Bob Henderson lost more money in 2008 than I did, and he seems to have learned a few things about the limits of the calculative powers of human reason. A model is only a model.
I’d lost almost $200 million in October. November wasn’t looking any better.
It was 2008, after the Lehman Brothers bankruptcy. Markets were in turmoil. Banks were failing left and right. I worked at a major investment bank, and while I didn’t think the disastrous deal I’d done would cause its collapse, my losses were quickly decimating its commodities profits for the year, along with the potential pay of my more profitable colleagues. I thought my career could be over. I’d already started to feel those other traders and salespeople keeping their distance, as if I’d contracted a disease.

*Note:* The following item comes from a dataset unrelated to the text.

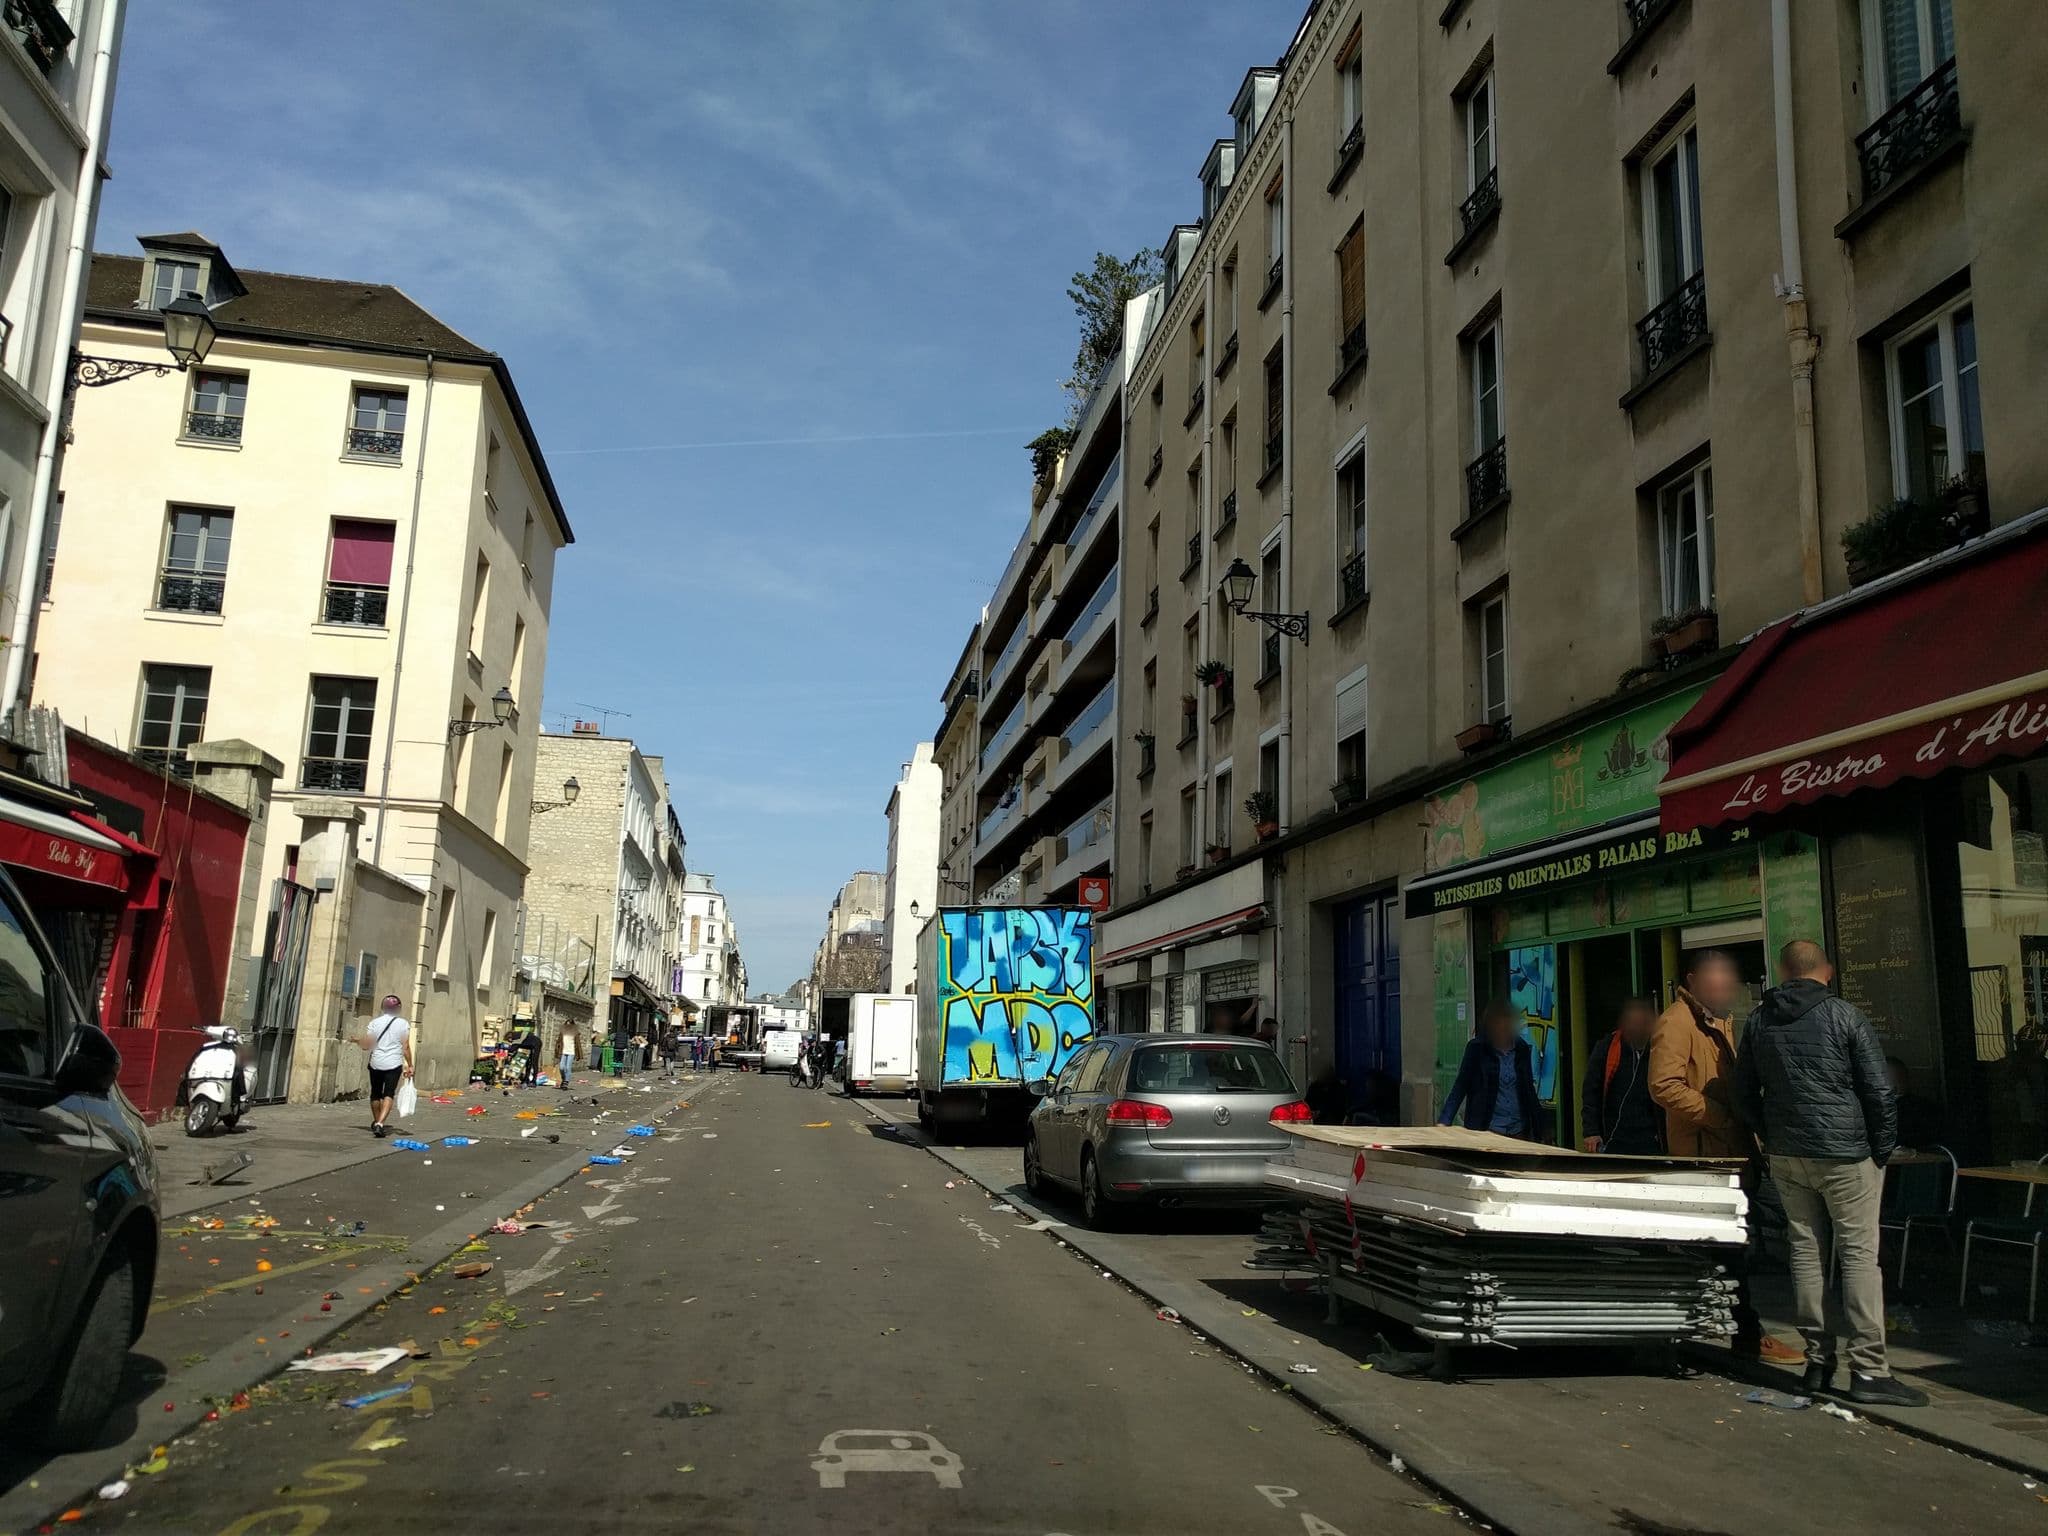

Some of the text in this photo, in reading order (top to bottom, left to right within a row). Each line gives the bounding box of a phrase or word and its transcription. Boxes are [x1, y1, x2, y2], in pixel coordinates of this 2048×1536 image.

[1722, 702, 2048, 812] Le Bistro d'Ali
[47, 840, 73, 865] Loto
[1434, 827, 1703, 907] PATISSERIES ORIENTALES PALAIS BBA

I landed in London on the morning of November 4, having flown overnight from New York. I was a derivatives trader, but also the supervisor of the bank’s oil options trading team, about a dozen guys split between Singapore, London, and New York. Until this point I’d managed the deal almost entirely on my own, making the decisions that led to where I … we … were now. But after a black cab ride from Heathrow to our Canary Wharf office, I got the guys off the trading floor and into a windowless conference room and confessed: I’d tried everything, but the deal was still hemorrhaging cash. Even worse, it was sprouting new and thorny risks outside my area of expertise. In any case, the world was changing so quickly that my area of expertise was fast becoming obsolete. I pleaded for everyone to pitch in. I said I was open to any ideas.
GoneWithTheWind
The problem is that investors, bankers and traders are tasked to make money. When things are going well everyone is making money so the task then becomes making more money than the rest of the investors. This means more risk, leveraged investments and contracts that extract a pound of flesh when the SHTF. When everything goes South investments that seemed to make sense in the glory days take on a different smell. But as sure as the sun rises every morning I know when the bulls are running the money men will demand more and risks be damned.
When the news is all bad and things seem hopeless that is the time to buy. When everyone is buying and all the news is good, sell.